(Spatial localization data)
──────────
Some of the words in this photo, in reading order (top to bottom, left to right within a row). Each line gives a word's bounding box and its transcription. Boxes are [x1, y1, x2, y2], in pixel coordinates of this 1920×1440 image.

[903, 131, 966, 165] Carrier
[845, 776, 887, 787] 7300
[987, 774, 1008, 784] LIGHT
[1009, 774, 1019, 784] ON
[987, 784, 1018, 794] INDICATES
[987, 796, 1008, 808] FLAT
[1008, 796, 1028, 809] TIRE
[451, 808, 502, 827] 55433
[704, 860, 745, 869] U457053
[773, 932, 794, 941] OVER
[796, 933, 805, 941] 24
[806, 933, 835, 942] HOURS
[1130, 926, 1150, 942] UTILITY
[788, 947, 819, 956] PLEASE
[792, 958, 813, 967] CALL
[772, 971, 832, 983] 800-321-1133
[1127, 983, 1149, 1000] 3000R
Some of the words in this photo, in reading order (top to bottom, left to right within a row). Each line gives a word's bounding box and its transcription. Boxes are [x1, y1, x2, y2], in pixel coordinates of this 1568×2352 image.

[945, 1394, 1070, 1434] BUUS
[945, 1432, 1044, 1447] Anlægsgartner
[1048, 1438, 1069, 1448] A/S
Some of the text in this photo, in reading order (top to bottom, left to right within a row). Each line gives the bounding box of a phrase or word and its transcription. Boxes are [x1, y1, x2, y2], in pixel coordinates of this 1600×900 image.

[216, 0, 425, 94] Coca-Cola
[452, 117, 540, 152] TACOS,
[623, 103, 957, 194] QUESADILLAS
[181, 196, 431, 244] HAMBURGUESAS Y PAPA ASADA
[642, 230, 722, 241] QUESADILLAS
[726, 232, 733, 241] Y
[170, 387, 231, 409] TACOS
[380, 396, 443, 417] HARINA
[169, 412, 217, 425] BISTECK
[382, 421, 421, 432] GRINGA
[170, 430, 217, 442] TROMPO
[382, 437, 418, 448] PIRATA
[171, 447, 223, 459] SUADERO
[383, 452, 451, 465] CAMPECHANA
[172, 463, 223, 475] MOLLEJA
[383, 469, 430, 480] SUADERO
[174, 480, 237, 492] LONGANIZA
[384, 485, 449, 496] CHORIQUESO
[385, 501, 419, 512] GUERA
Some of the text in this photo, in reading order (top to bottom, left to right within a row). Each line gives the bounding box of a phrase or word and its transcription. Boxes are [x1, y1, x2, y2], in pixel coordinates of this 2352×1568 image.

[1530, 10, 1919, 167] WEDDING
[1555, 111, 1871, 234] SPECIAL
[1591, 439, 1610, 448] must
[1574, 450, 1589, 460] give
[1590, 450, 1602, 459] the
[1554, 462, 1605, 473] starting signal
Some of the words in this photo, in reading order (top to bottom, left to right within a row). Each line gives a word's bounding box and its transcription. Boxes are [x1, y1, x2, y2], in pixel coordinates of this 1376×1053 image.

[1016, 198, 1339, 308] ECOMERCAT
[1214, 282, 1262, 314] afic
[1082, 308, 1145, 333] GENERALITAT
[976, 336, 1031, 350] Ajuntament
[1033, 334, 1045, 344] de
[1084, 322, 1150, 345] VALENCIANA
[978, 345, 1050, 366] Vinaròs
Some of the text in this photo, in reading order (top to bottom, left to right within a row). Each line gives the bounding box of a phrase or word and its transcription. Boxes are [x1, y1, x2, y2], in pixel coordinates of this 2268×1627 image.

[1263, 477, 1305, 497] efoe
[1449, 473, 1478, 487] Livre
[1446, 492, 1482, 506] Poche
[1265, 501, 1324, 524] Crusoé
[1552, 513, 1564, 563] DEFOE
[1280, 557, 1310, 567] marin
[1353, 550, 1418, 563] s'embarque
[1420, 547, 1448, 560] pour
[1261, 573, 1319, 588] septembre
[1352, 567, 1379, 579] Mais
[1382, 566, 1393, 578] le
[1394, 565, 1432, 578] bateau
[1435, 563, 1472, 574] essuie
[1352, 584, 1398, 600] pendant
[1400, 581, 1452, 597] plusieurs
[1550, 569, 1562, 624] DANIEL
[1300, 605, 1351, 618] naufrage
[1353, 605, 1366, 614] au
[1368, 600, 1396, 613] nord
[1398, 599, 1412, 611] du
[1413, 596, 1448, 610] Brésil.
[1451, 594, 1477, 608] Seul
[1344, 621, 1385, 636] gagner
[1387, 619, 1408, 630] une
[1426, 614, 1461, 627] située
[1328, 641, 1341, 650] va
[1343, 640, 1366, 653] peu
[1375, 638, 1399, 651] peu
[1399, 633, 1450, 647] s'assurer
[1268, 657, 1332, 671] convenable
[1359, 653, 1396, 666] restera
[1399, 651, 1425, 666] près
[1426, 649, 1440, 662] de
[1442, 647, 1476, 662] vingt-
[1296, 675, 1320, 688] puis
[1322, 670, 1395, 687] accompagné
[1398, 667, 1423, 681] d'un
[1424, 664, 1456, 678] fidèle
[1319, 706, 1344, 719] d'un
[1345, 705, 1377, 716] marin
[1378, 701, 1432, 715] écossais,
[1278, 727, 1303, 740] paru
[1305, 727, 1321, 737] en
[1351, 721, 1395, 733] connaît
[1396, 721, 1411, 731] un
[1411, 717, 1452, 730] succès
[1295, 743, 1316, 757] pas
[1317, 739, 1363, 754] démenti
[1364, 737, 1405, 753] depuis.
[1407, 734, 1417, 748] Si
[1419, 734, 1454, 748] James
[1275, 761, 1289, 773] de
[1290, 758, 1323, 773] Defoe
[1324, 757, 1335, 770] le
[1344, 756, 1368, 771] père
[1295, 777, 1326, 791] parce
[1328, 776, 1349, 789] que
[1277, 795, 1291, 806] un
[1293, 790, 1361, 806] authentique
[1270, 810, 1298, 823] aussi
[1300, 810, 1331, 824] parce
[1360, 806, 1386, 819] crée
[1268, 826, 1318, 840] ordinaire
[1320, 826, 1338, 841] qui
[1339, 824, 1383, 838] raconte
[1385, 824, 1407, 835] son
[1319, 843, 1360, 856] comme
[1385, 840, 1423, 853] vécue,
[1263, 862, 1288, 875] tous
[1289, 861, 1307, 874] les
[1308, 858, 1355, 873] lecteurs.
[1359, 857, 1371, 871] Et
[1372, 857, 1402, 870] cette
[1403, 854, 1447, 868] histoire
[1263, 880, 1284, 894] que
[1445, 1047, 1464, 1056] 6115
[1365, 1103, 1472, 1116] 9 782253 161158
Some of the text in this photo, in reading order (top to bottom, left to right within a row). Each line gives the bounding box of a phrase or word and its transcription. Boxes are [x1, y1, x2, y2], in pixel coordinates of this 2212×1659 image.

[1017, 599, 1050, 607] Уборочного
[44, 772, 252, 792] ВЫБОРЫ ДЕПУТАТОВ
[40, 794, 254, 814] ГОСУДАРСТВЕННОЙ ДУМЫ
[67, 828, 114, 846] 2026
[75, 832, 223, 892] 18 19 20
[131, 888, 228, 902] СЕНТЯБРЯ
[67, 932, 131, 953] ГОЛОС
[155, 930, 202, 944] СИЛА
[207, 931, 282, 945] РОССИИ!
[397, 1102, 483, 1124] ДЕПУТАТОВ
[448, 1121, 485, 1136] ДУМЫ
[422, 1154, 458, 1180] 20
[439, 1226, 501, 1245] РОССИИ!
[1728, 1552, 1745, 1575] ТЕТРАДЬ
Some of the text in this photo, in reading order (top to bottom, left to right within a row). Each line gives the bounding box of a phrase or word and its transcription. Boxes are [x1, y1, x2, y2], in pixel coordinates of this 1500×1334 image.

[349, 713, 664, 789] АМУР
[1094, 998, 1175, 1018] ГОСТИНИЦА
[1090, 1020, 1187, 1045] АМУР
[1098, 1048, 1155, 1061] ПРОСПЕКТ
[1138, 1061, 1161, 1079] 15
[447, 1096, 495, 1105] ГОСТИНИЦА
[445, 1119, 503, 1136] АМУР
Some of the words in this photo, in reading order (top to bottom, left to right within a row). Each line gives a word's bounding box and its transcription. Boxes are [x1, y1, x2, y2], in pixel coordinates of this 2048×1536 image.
──────────
- _WORK REQUIRED_
Set down, word for word, every line from the line that holds "this 1500×1334 image." to the end of the entries above, including both ends.

- _REPLY_
Some of the text in this photo, in reading order (top to bottom, left to right within a row). Each line gives the bounding box of a phrase or word and its transcription. Boxes are [x1, y1, x2, y2], in pixel coordinates of this 1500×1334 image.

[349, 713, 664, 789] АМУР
[1094, 998, 1175, 1018] ГОСТИНИЦА
[1090, 1020, 1187, 1045] АМУР
[1098, 1048, 1155, 1061] ПРОСПЕКТ
[1138, 1061, 1161, 1079] 15
[447, 1096, 495, 1105] ГОСТИНИЦА
[445, 1119, 503, 1136] АМУР
Some of the words in this photo, in reading order (top to bottom, left to right within a row). Each line gives a word's bounding box and its transcription. Boxes are [x1, y1, x2, y2], in pixel coordinates of this 2048×1536 image.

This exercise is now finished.